Flannel flowers, another lovely Australian native. I'm going to get more of these; they are so beautiful and they will fill the gaps in my native bed, which is the dry, difficult bed at the end of the garden that I created a year ago.
This is what is under the tree ferns - clivia and an azalea called 'Ward's Ruby' - how could I resist! Hard to believe how much the bamboo dominated before.
And here is one of the biggest plants in the garden, the 'blue hibiscus' (Alyogyne huegelii) that I bought as a little baby plant only a year ago. It's growing like a mad thing!
Mar (by the way, Mar, I sent the link to your 9/11 blog entry to friends in the US, some of whom live in NY. They were all moved and asked me to thank you) is surprised that we have Starbucks. We sure do - we've had them for around 5 years in New South Wales and the Australian Capital Territory. I've never understood why - Sydney is rampant with excellent coffee, thanks chiefly to Italian immigration after WWII.
Having tried to get a decent cup of coffee in NY in 2000, I can understand the appeal of Starbucks in the US - it seemed to be the only place we could get coffee that wasn't both over-roasted and too weak for our tastes. Narelle and I bought a thermos from Macey's and walked two blocks to Starbucks to have it filled with cafe latte before we went to bed each night. Then each morning we could have coffee in bed before we got the day started.
The Starbucks outlets in Sydney always seem to have lots of people in them, but I've tried the product a couple of times and wouldn't bother again. Thursday just confirmed that. The young men were obsequious and the coffee wasn't coffee, it was fluffy milk. It was a lovely spot to sit; confortable and with an interesting view over Civic (the square in the middle of Canberra). But I'd rather have good coffee.
You might be cheered to read that near where we live in Sydney two MacDonald's chains closed a few years ago - one in Balmain and one in Newtown. First ones in the world to close for lack of patronage, apparently. I loove living in the Inner West!
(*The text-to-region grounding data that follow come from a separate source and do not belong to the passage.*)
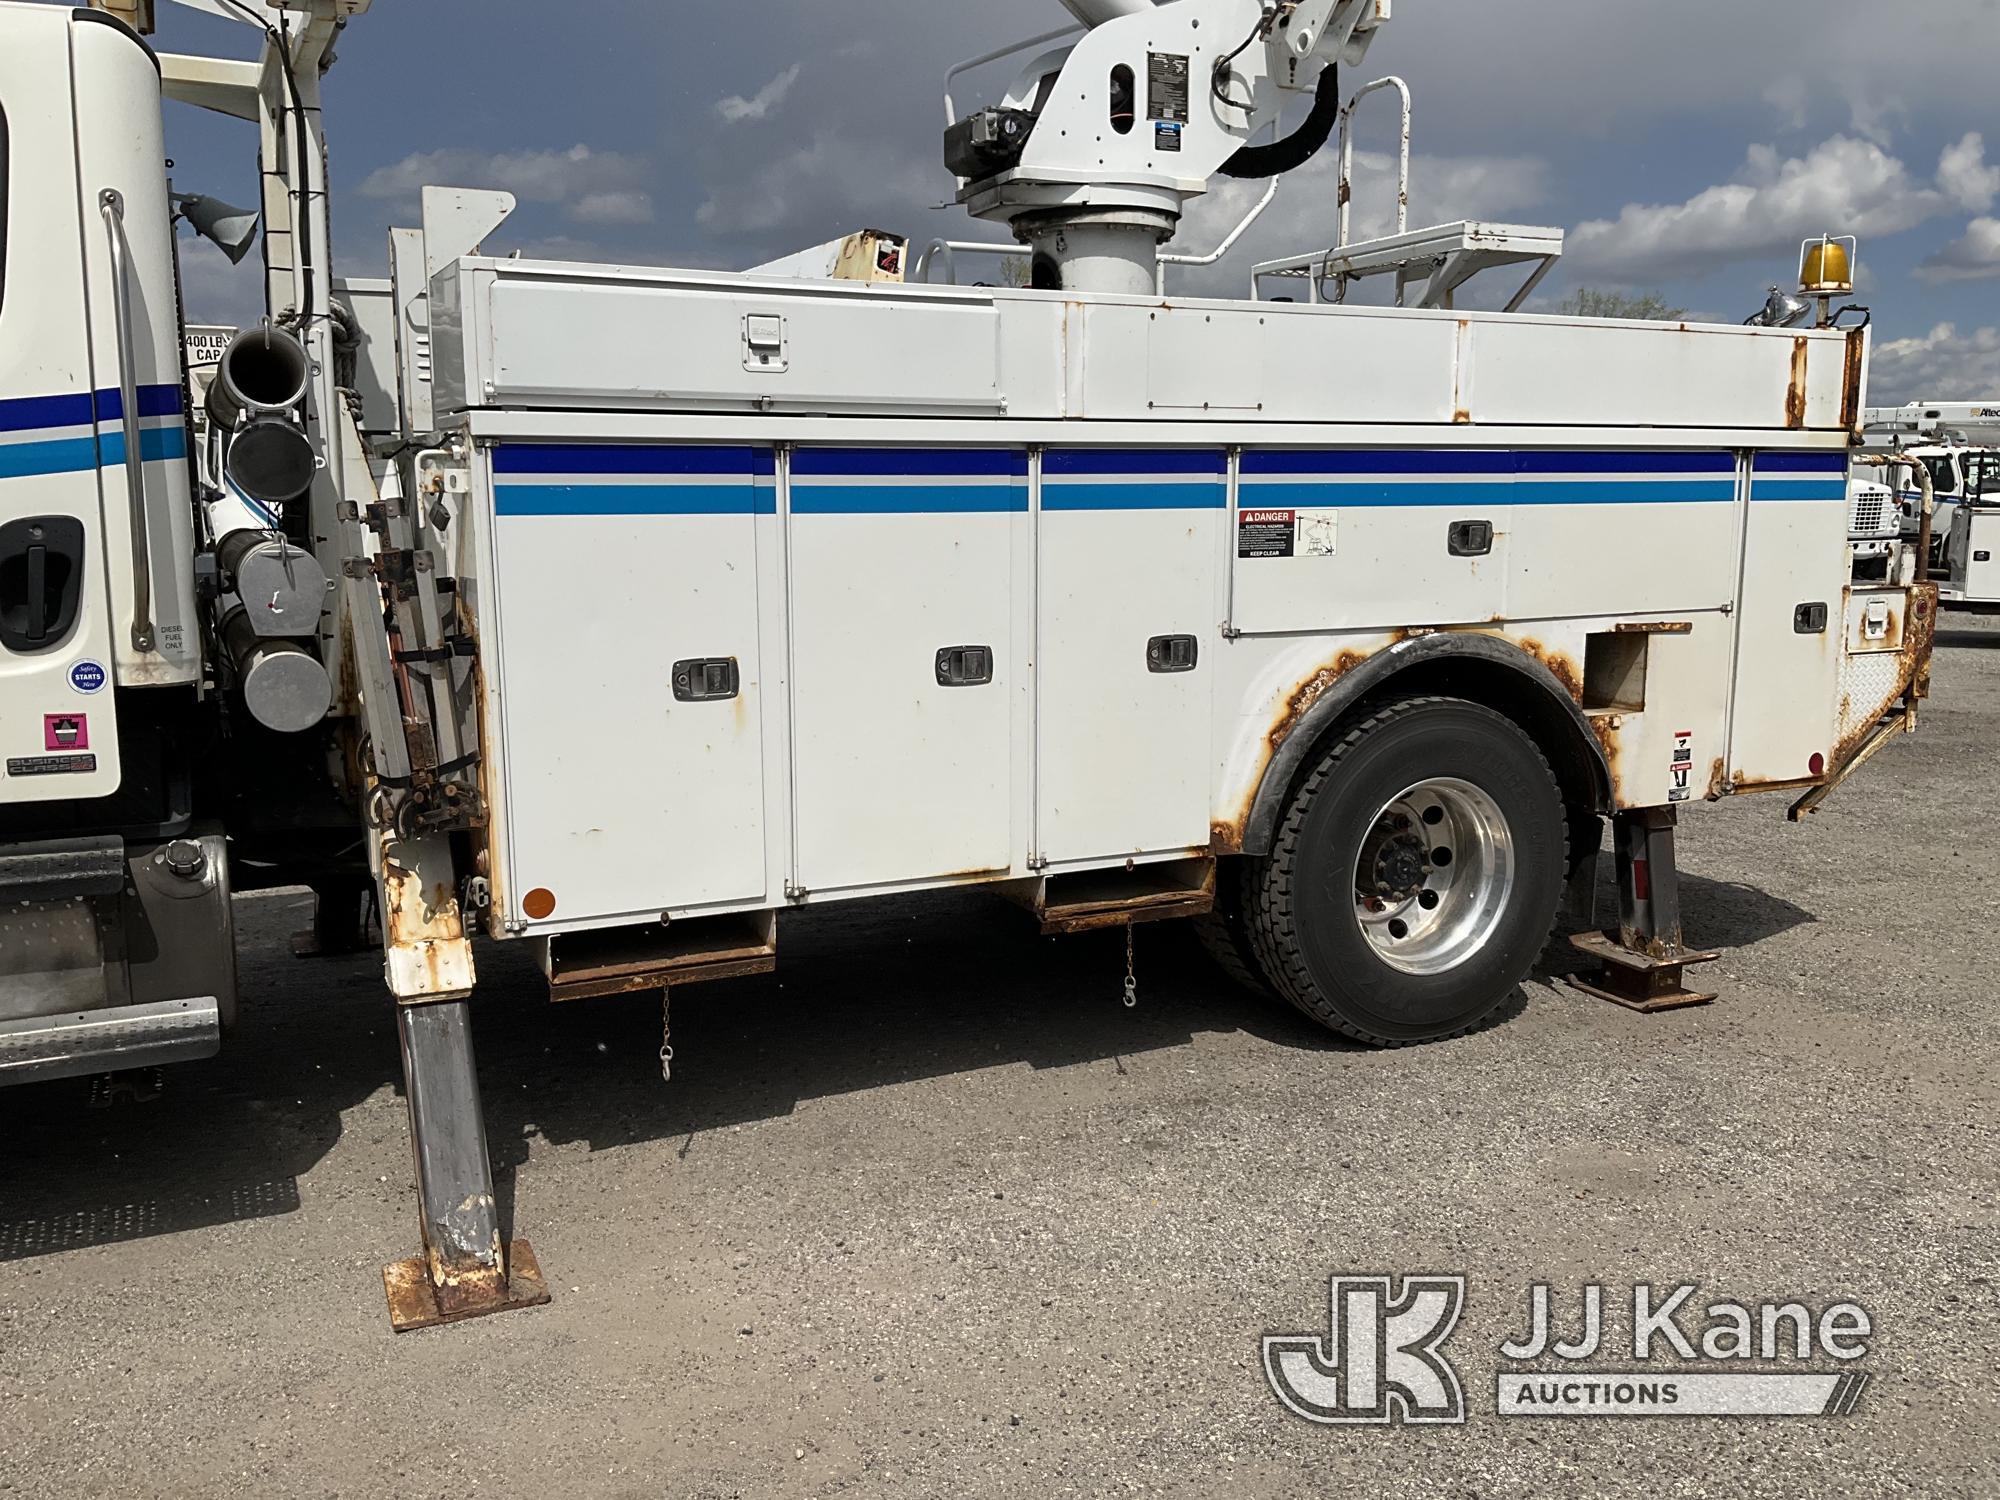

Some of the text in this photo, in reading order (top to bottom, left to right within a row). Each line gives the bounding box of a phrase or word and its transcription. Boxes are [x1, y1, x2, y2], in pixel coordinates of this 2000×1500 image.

[186, 335, 207, 348] 400
[196, 349, 221, 361] CAP
[1254, 512, 1289, 522] DANGER
[161, 625, 185, 633] DIESEL
[165, 641, 183, 649] ONLY
[75, 673, 101, 681] STARTS
[8, 755, 94, 767] BUSINESS
[10, 764, 71, 773] CLASS
So, possums, I'll be able to keep in touch with you all.
Has a lovely drive down. Were forced to stop at Bowral and visit Victoria House, where Rowan was 50% off. Unfortunately, I was mugged by a huge ball of Rown Big Print and lost consciousness for a few mintues. When I came to I was clutching a bag of Rowan Cotton Glace in red, black and green and my credit card was still smoking. I suppose that now I'll be forced to make yet another another another cotton top. Further on in sunny downtown Bowral we found a shop that sells sensible shoes (to which, of course, I am addicted). They stock Naots, which are like gold in Australia except harder to find, and I wanted something like this, but I couldn't find any to suit me. I did leave clutching a pair of Joseph Seibels, stitched, in denimy blue leather and suede. Sensible and stylish.
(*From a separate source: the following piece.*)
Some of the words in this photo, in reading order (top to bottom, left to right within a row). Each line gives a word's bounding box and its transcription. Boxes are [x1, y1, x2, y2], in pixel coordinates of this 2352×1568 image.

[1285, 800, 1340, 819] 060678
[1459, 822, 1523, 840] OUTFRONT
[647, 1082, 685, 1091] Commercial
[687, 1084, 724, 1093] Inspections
When we arrived in Canberra, dragging our purchases in a trailer behind us, we were met by Mon. Joyful reunion at Starbucks - where the ambience was great but the coffee was... weak doesn't begin to approach it really. Milky. Was it really coffee or did I order frothy hot milk by mistake? Maybe the barista forgot the shot?
Off to Canberra, Our Nation's Capital, in the morning, darls. Having a few days of concentrated PhD work while Sandra does the conference thing. May not be able to get the internets where we're staying. See you when I see you.
Celia asks where she can hear Judy's music. I've checked iTunesAus, but (surprise!) they don't seem to have heard of her. Google is your friend, Celia. There are some tracks you can listen to here: http://www.artistdirect.com/nad/store/artist/album/0,,296252,00.html
It's not a recent album (13 years old!), but there's some good stuff there. Unfortuntately I can't get it to play - windows media can be temperamental on a Mac.